Vous me connaissez, taquiner une deuxième fois mon voisin du dessus me démange extrêmement : or, comme j’ai eu de bons retours et dispose de quelques éléments en besace, je vous propose, sans plus attendre, de vous plonger derechef dans le monde étymologique (principalement latin).
Préparez vos munitions !
C’est là un mot plutôt fréquent et banal, mais le mot « munition » n’a pas une étymologie paisible − pour notre plus grand plaisir . Généralement, on parle de munitions pour une arme, très souvent offensive : arme à feu, arc, etc. Et pourtant, si l’on remonte le temps, cette signification offensive disparaît… et s’inverse !
Jadis, en français, on utilisait le verbe « munir », dont découle notre mot, pour parler de la préparation d’un fort, comme le dit le Wiktionnaire :
On est donc loin de ce qui nourrit nos armes offensives, et bien plus prêt de ce qui nous sert à nous défendre.
Plus loin de nous, le terme latin « munitio » servait à désigner une fortification, qui a souvent servi les Romains durant leurs guerres (on se souvient particulièrement de celle d’Alésia, qui formaient un mur quasi-infranchissable). Petite illustration du Gaffiot :
J’avais cru tout d’abord que ce mot de « munitio » venait du verbe « moneo » (prévenir), ce qui ne faisait pas beaucoup de sens… Heureusement, l’erreur a été corrigée : cela vient en fait de « munio », qui signifie :
Fort de tous ces éléments, on peut facilement imaginer le trajet de notre mot : si « munio » signifiait initialement la protection, il a, au cours de son évolution, pu signifier « donner à chacun ce dont il a besoin » (= le sens moderne de « munir »), donnant alors le nom « munition ».
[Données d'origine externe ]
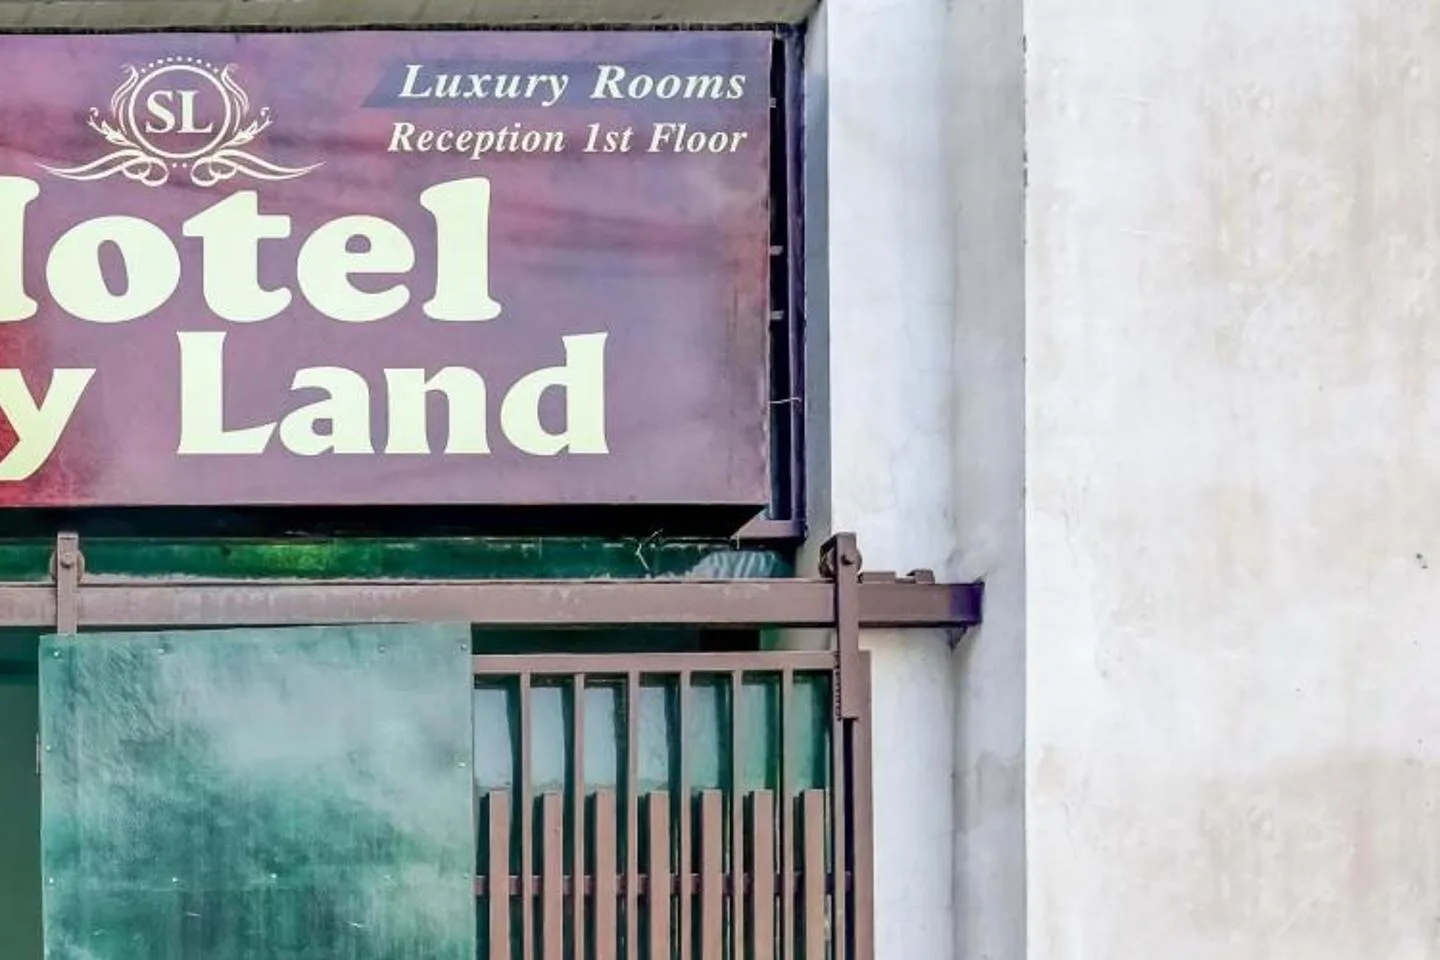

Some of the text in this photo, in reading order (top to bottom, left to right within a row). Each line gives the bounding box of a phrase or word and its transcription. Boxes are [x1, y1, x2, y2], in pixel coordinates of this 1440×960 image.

[397, 64, 746, 107] Luxury Rooms
[144, 89, 213, 135] SL
[387, 121, 749, 160] Reception 1st Floor
[175, 329, 610, 457] Land
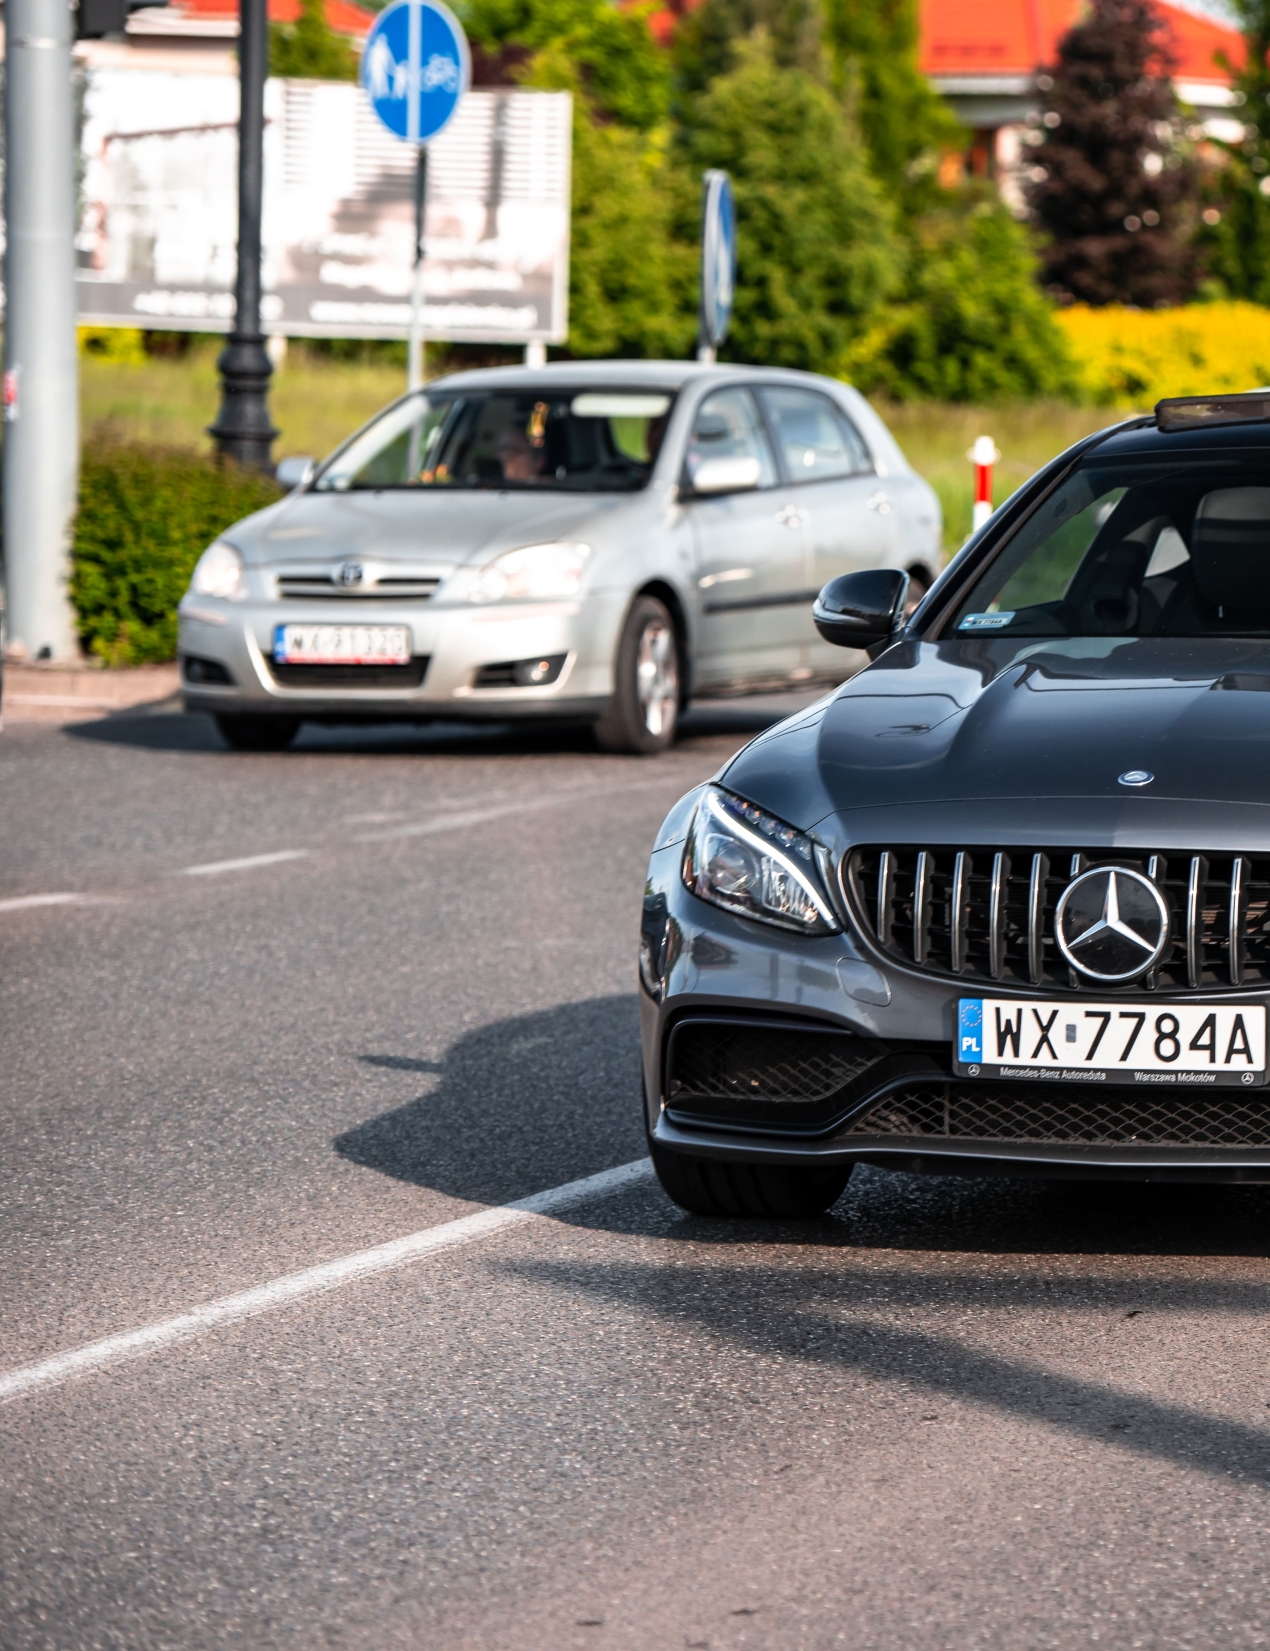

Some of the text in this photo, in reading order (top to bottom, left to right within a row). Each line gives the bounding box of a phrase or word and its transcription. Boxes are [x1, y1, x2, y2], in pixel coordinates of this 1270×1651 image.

[961, 1036, 981, 1052] PL
[995, 1006, 1254, 1065] WX 7784A
[999, 1066, 1217, 1083] Mercedes-Benz Autoreduta Warszawa Mokotów
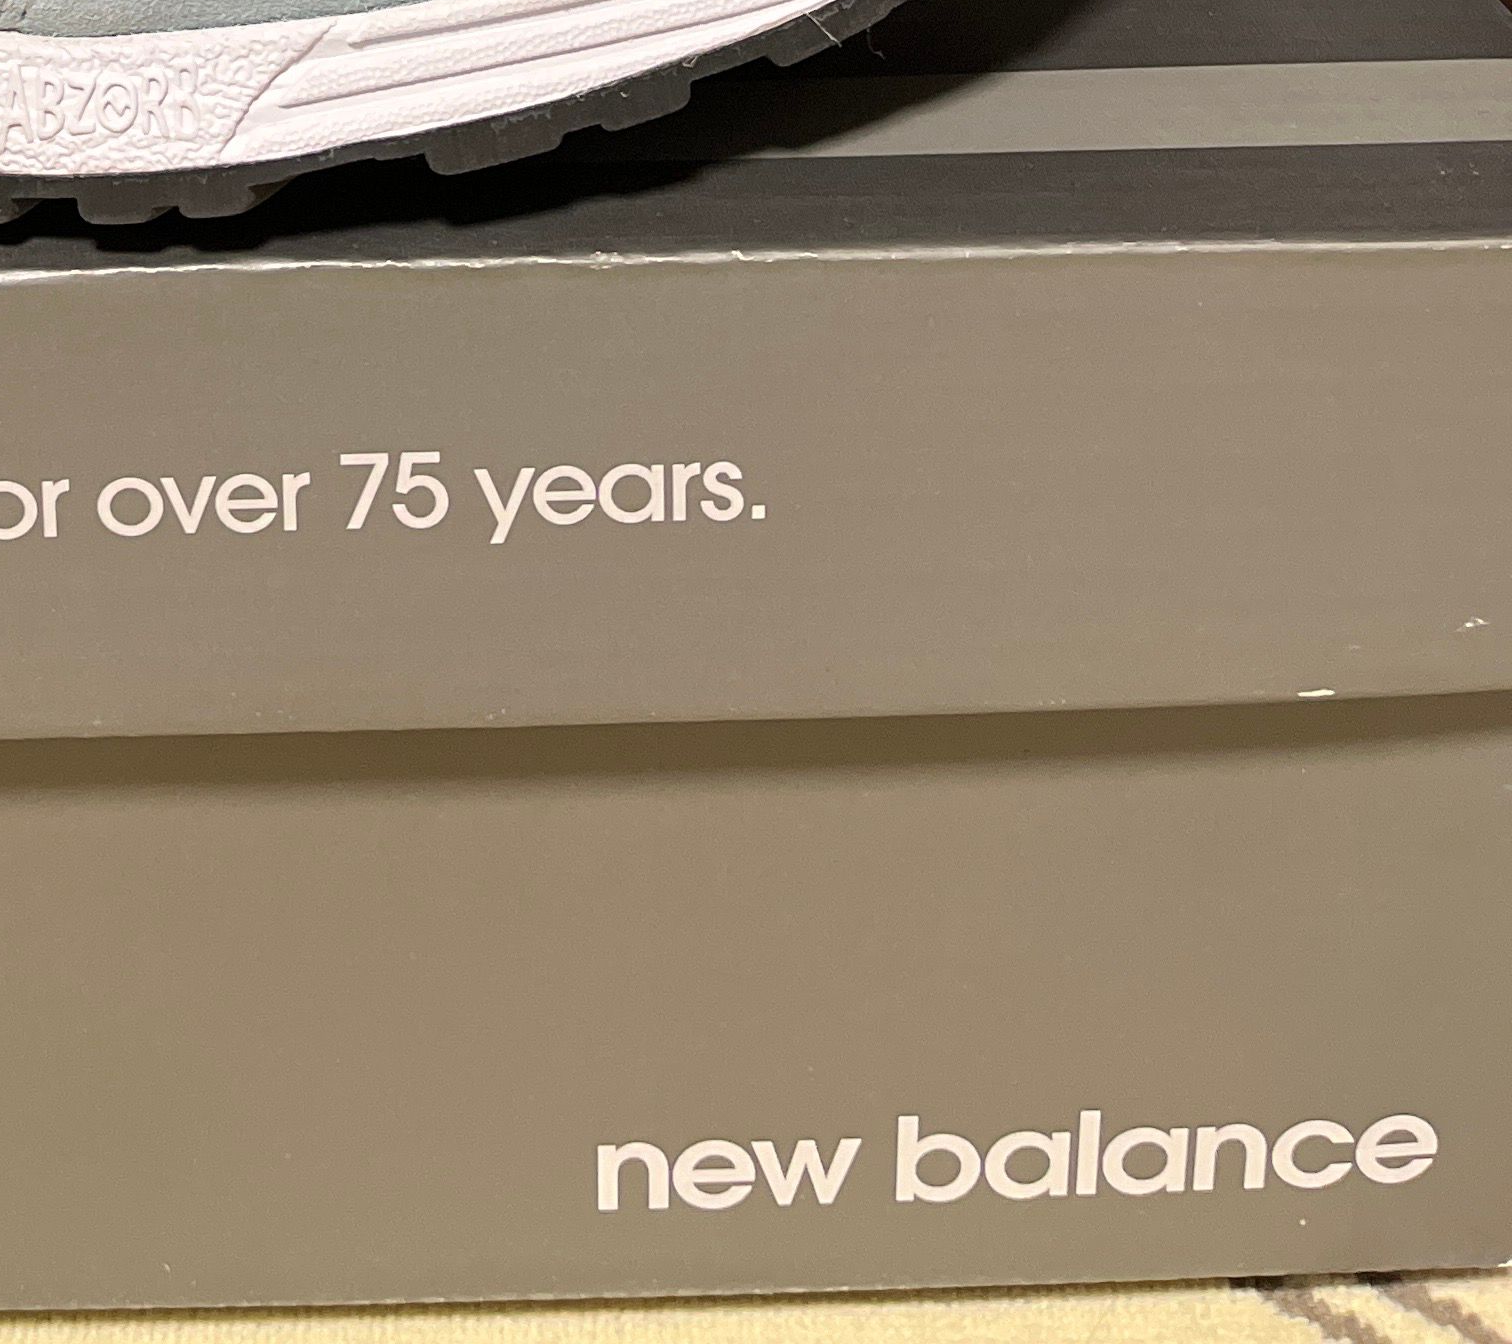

Mais nous allons voir dans le cas suivant que les renversements de sens sont monnaie courrante en étymologie.
Subir ou subir ?
Dès que l’on est un tant soit peu intéressé par l’étymologie latine, le mot « subir » n’est pas très compliqué à décomposer : « sub » signifie « dessous » (comme dans l’anglais submarine ) et « ir », les hispanisants le reconnaîtront sans soucis, « aller ». En somme : « subir » = « sub-ir » = « aller dessous » (et donc « pâtir », « subir » au sens moderne).
Et voilà .
Mais il y a quelque chose qui cloche, non ?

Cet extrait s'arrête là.